### YOUR OBJECTIVE
In your copy, include every record exactly and no pictures.

(Referring expression grounding data)
───
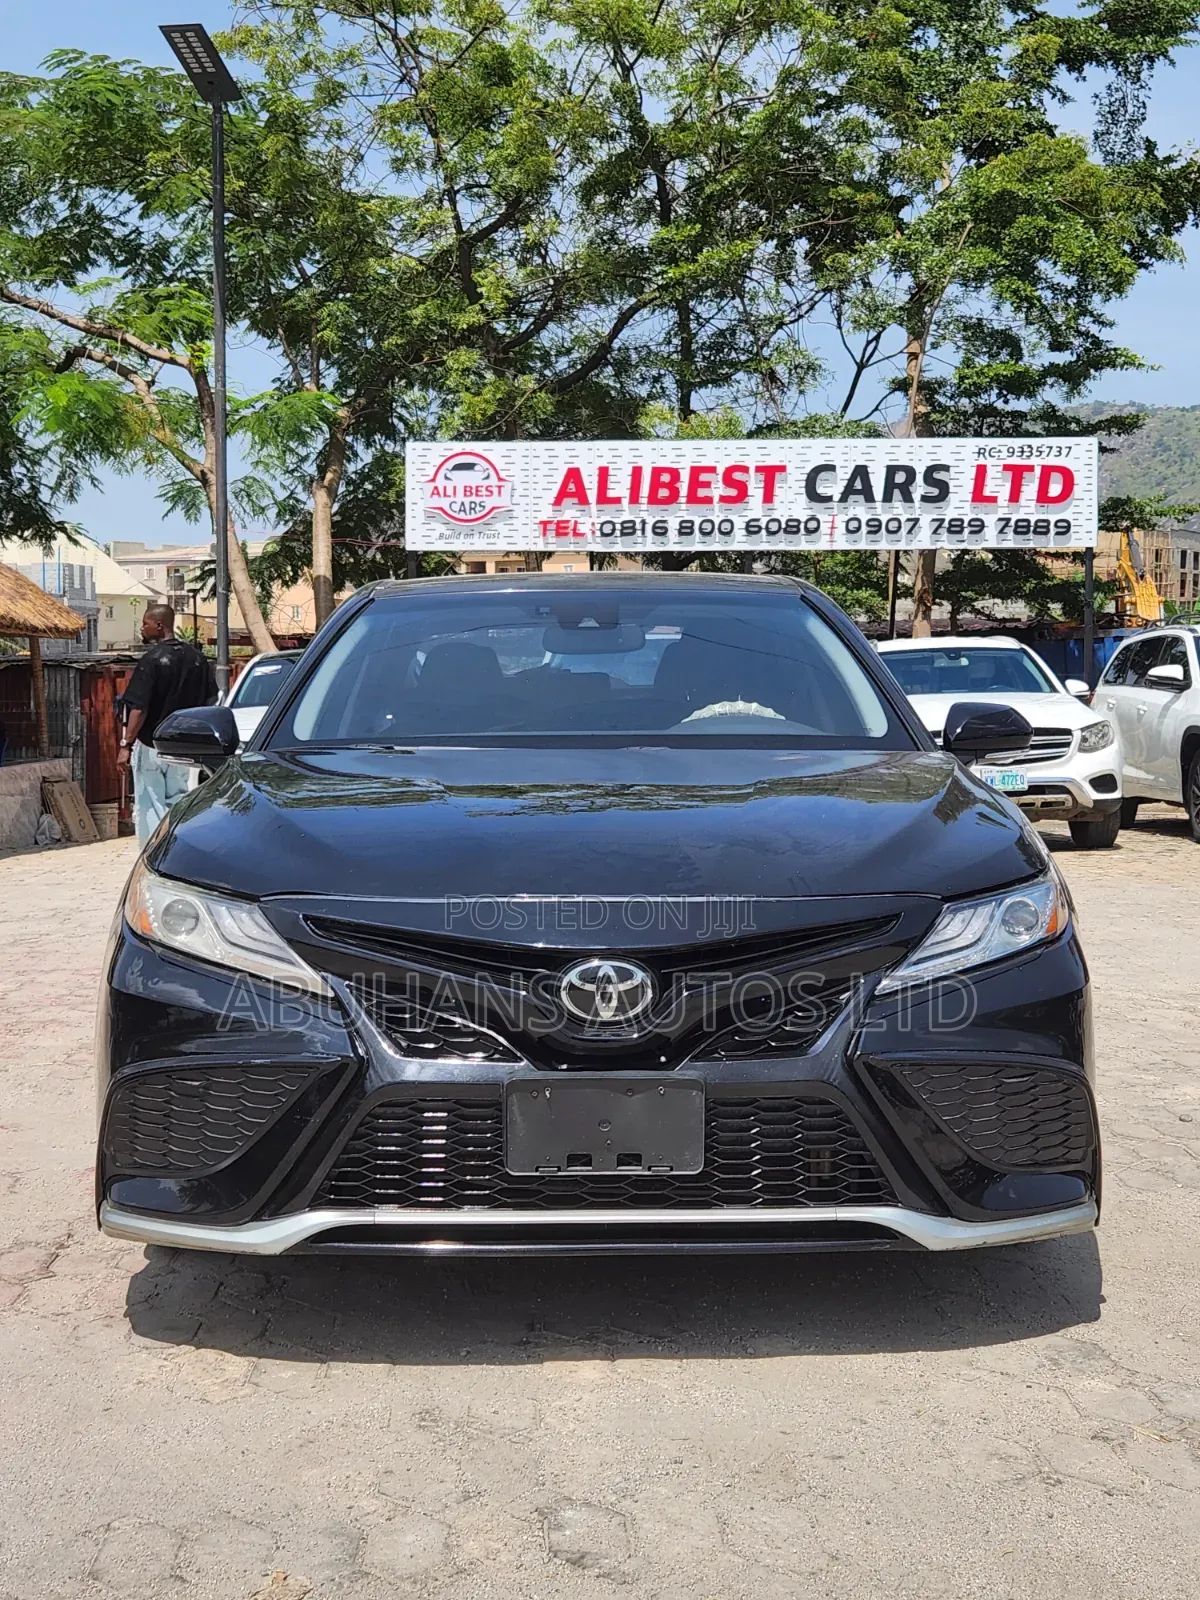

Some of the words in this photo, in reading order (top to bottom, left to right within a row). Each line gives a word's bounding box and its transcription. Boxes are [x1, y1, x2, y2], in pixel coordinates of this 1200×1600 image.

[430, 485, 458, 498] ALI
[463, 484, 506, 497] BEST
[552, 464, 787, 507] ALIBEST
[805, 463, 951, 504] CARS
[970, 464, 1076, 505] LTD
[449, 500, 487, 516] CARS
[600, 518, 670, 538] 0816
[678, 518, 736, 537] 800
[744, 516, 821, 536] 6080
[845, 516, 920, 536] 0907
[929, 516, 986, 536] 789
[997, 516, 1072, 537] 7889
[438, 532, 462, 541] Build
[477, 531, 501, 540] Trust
───
### RESULT
Some of the words in this photo, in reading order (top to bottom, left to right within a row). Each line gives a word's bounding box and its transcription. Boxes are [x1, y1, x2, y2], in pixel coordinates of this 1200×1600 image.

[430, 485, 458, 498] ALI
[463, 484, 506, 497] BEST
[552, 464, 787, 507] ALIBEST
[805, 463, 951, 504] CARS
[970, 464, 1076, 505] LTD
[449, 500, 487, 516] CARS
[600, 518, 670, 538] 0816
[678, 518, 736, 537] 800
[744, 516, 821, 536] 6080
[845, 516, 920, 536] 0907
[929, 516, 986, 536] 789
[997, 516, 1072, 537] 7889
[438, 532, 462, 541] Build
[477, 531, 501, 540] Trust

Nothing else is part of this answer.